Sassy seufzte tief: "Während Delina gerettet werden konnte starb ihre ältere Schwester durch Treplews Klauen, Silas hatte damals geschworen auf sie aufzupassen. Nicht mehr bei klarem Verstand benutzte er diese Rune, um sie zurück ins Leben zu holen. Aber sie war nicht mehr dieselbe, ihre Gestalt war verändert und sie war getrieben von Rache. Ihren Tod fand Nelina erst vor den Toren der schwarzen Kathedrale, als sie sich vor Delina warf, um sie zu beschützen!"
Shanora schauderte: "Das war als Delina und du, als ihr kurz darauf verbannt wurdet! Dann hat der Dunkle als zweiter diese Rune für sich entdeckt!"
Sassy nickte: "Ja, das ist wahr. Auf jeden Fall war der Dunkle nicht der einzige der damit experimentierte. Finn hat diese Rune einer seiner Jägerinnen verpasst, als sie krank wurde, sehr krank!"
Shanora riss geschockt die Augen auf: "Das hat er nicht getan!"
Sassy nickte: "Ladira kam ihm dahinter, das war einer der Gründe warum sie ihn mit Did fortschickte. Er sollte lernen seine Macht nicht zu missbrauchen, indem er die Naturgesetze damit auf Biegen und Brechen umgehen wollte!"
Shanora begann zu verstehen, darum hatte Ladira ihn einst auf Reisen geschickt. Nicht nur um zu lernen sondern auch, um zu verhindern, dass er weitere Experimente durchführen konnte.

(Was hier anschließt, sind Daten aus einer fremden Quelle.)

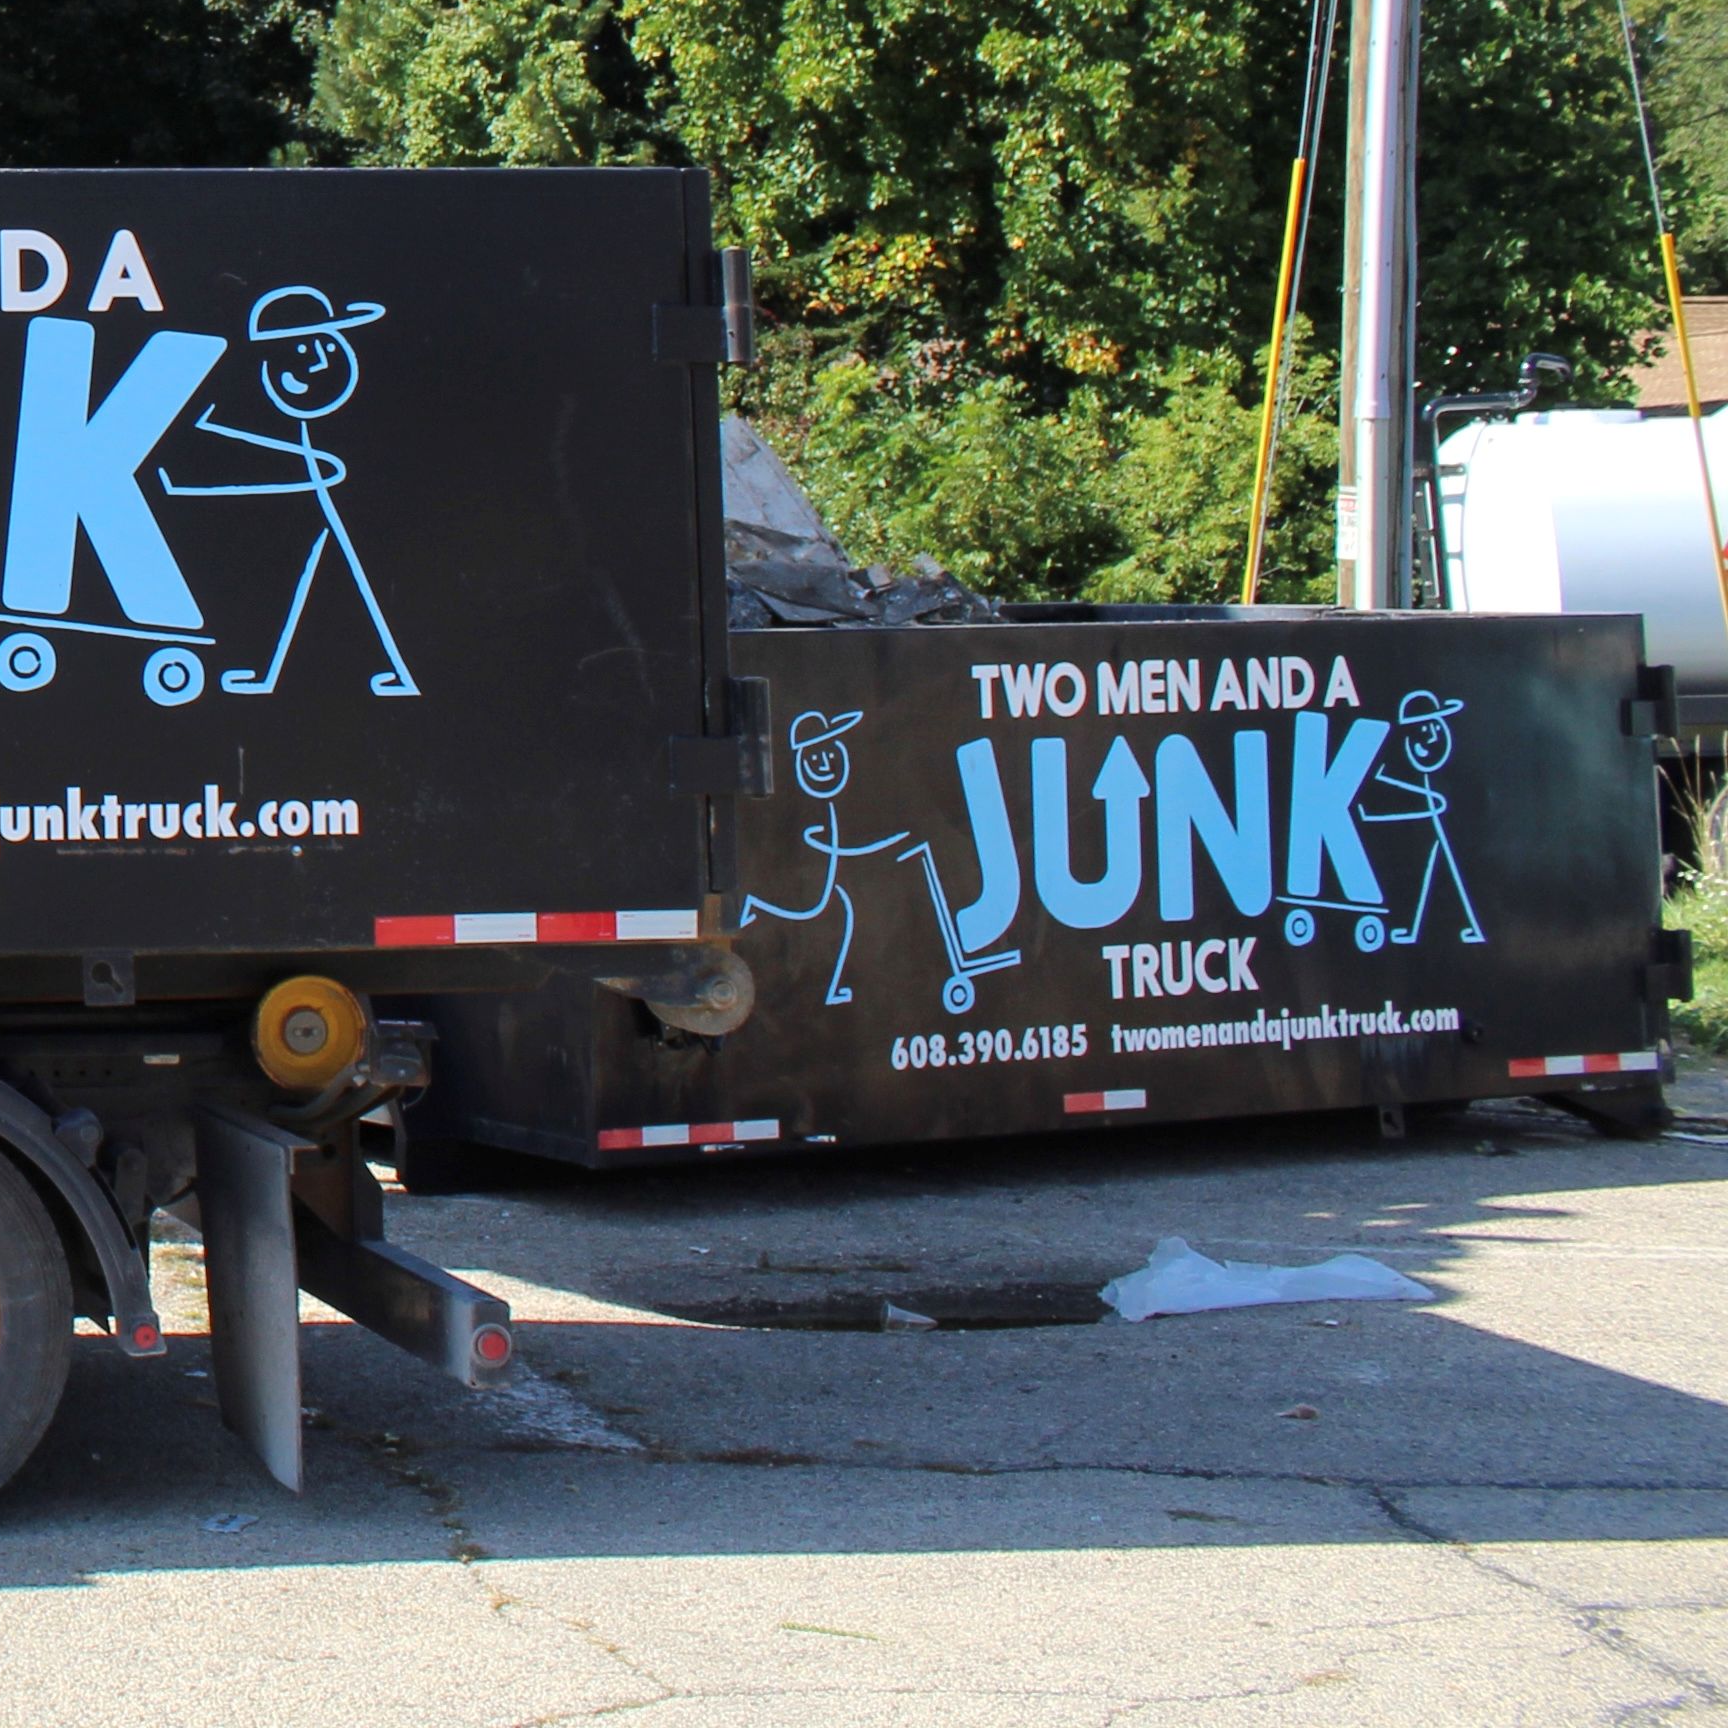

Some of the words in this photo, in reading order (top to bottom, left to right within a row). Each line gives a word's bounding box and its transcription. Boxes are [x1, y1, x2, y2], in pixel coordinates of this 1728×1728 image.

"Die Rune verändert alles, sie bewahrt nicht einfach vor dem Tod oder verhilft zur Wiederauferstehung. Es ist extrem dunkle Magie, man darf nicht erwarten, dass sie sich positiv auswirkt!", Sassy sah nun zu Shanora.
Diese wusste genau, was ihr Blick zu bedeuten hatte, natürlich war so eine Rune aus Verzweiflung erschaffen worden. Sie hatte sie aus Verzweiflung angewendet und das wohl nicht richtig. Stunden hatte sie in ihrem Bett verbracht und mit ihrem bloßen Willen versucht diesen Frevel rückgängig zu machen.
"Ich wollte nie das so etwas passiert!", Shanora seufzte tief, "Aber ich weiß, dass es falsch ist, was ich hier tue!"
Sassy wollte gerade nachfragen, als sie schnelle Schritte hörte, die die Treppen zu ihnen hinauf eilten.
Kyra riss die Türe, welche Ladira zuvor wieder geschlossen hatte, auf und ihr Blick verriet, dass es keine guten Nachrichten gab.
"Am schwarzen Thron! Heerscharen.. Dämonen und Biester aus den Unterlanden!", keuchte sie völlig außer Atem.
Sassy sah sie ernst an: "Sie sind also aus den Löchern dieser verfluchten Ebenen gekrochen!"
Shanora dachte an einen seltsamen Traum zurück, den sie am letzten Weihnachtsabend gehabt hatte. Er hatte, damit geendet das sie am Fuße des schwarzen Throns ihr eigenes Grab gesehen hatte. Es war also so weit, das sollte ihr Ende sein.
Sassy stritt in der Zwischenzeit mit Kyra, was zu tun war, bis diese sich wütend auf die Suche nach Ladira begab.
Shanora stand langsam auf, fühlte sich benommen. Sie konnte Schwarzwasser sehen, in Flammen stehend. Delina und Marbas, blutend am Boden, sie Augen weit aufgerissen. Arya, durchbohrt von hunderten schwarzen Pfeilen in einem verlassenen Gebäude.
"Nein!", sie hielt sich den Kopf, "NEIN! Das lasse ich nicht zu!"
Sassy schien nicht allzu verwundert darüber zu sein: "Und darum habe ich etwas für dich!"
Shanora war bewusst, dass die Priesterin die Gabe der Voraussicht besaß, aber das sie all das geahnt hatte überraschte sie.
"Delina vertraute es mir einst an, die Hälfte einer gereinigten Welt!", Sassy zog einen weiß leuchtenden Kristall aus der Tasche ihres Umhangs: "Der Kristall der bei der Vernichtung Solons erschaffen wurde!"
Shanora konnte die Macht dieses Gegenstandes spüren: "Was soll ich tun, um das alles zu verhindern?"
Sassy nahm Shanoras Hände und lächelte sie liebevoll an: "Unsere Freunde kämpfen in einem aussichtslosen Krieg! Lassen wir sie wirklich im Stich?"
Shanora verstand sofort: "Ich breche den Bann, Elensar wird sich zu verteidigen wissen, während ich tue, was ich tun muss!"
Sassy nickte: "Elensar wird nicht fallen, Shanora! Wir werden es verteidigen!"